The foam fly bobbed to the surface as the blood ran out of my face. Charlie had said a hundred times that taimen will come back around and hit a fly again. Paralyzed, I let the fly ride there, every ounce of attention coiled into my hands, but nothing happened.
Yet luck is made. Second chances are made. I lifted the fly, arced a single false cast, and dropped it back over by the landslide. Nothing. In despair I pulled it in toward the boat, slowly, the way Charlie had taught me. This time the taimen hit with a whitewater splash full of teeth, dived back down with a flash of dark tail, and then the fly and the fish came tight on the line, thrashing.
By the time I wrestled it in, my arm was trembling with lactic exhaustion. Taimen are not spectacular fighters, but their size and weight make it a brutal contest. "Thirty-seven inches," Charlie said, looking up from the net. Almost a meter long. This wasn't Anna Nicole, but the fish was fat enough to melt over my fingers like Monterey Jack in a microwave. Holding the sleek gray beast out of the water, posing for photographs, I accumulated some seriously bad karma.
Before releasing it, we studied a deep, round scar in its back. The fish appeared to have survived a stabbing by poachers, who use long wooden tridents. I revived it until my fingers were numbed by the Uur, and the taimen abruptly kicked its way free.
Five minutes later we saw the fish one last time. It was finning slowly against the sandy bottom, down in the black heart of the river. Tired, but still alive. A survivor.
I TOOK JIM'S ADVICE and peed before getting into the helicopter, and the magic carpet had us in Ulan Bator by lunch. A veteran of many goodbyes, Jim simply handed me his old copies of Time and caught a flight to Beijing. Then Central Asia kicked in: A sudden windstorm shut down the airport, stranding me in the capital, amid broken sidewalks and construction cranes, for more than a day.
The phrase "My wife is in the hospital" can melt the coldest hearts, and once I reached South Korea I was allowed to simply walk onto the next direct flight to New York. We burned up and over the glacial reaches of Alaska, nicked the Arctic Circle at 33,000 feet, and finally, 14 hours later, dropped into New York, bathed in solar radiation and unwatchable movies the whole way.
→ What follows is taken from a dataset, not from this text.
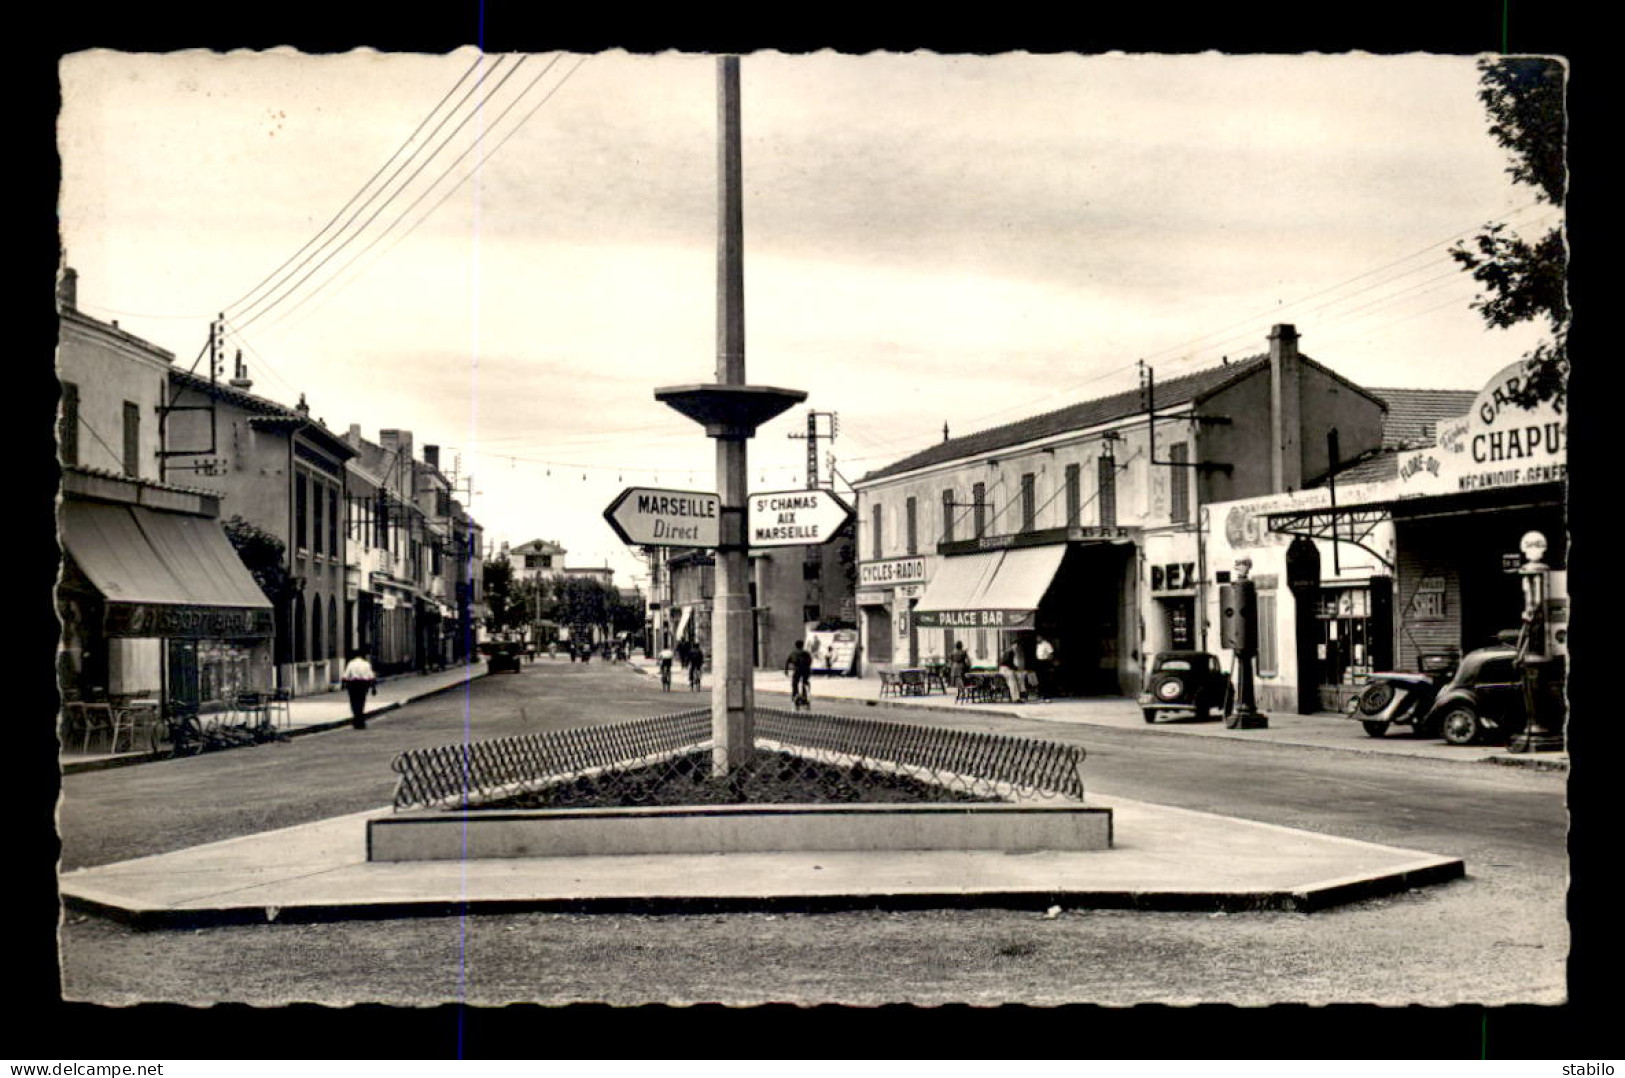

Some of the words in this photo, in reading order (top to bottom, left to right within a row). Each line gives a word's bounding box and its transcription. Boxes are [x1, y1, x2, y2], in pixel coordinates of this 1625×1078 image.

From there, everything went terribly, shockingly right. I stumbled into the hospital just as my wife was signing the consent form for anesthesia. When I dropped all my fishing gear, a cloud of Mongolian dust rose into the sparkling room.
The surgery was far worse in anticipation than in the actual event. Twenty brief minutes and a clean bill of health, with walking papers that afternoon. That night we lay in bed, exhausted, infinitely relieved, listening to the elevated train rumble past our brick house and to the vain wailings of car alarms down by the Gowanus Canal.
So that is one last reason to go to Mongolia, to go such a terrible distance away. You have to learn that paradise is not a silver creature in a black stream lined with pine trees. I'd found my good place. Nothing could touch us here.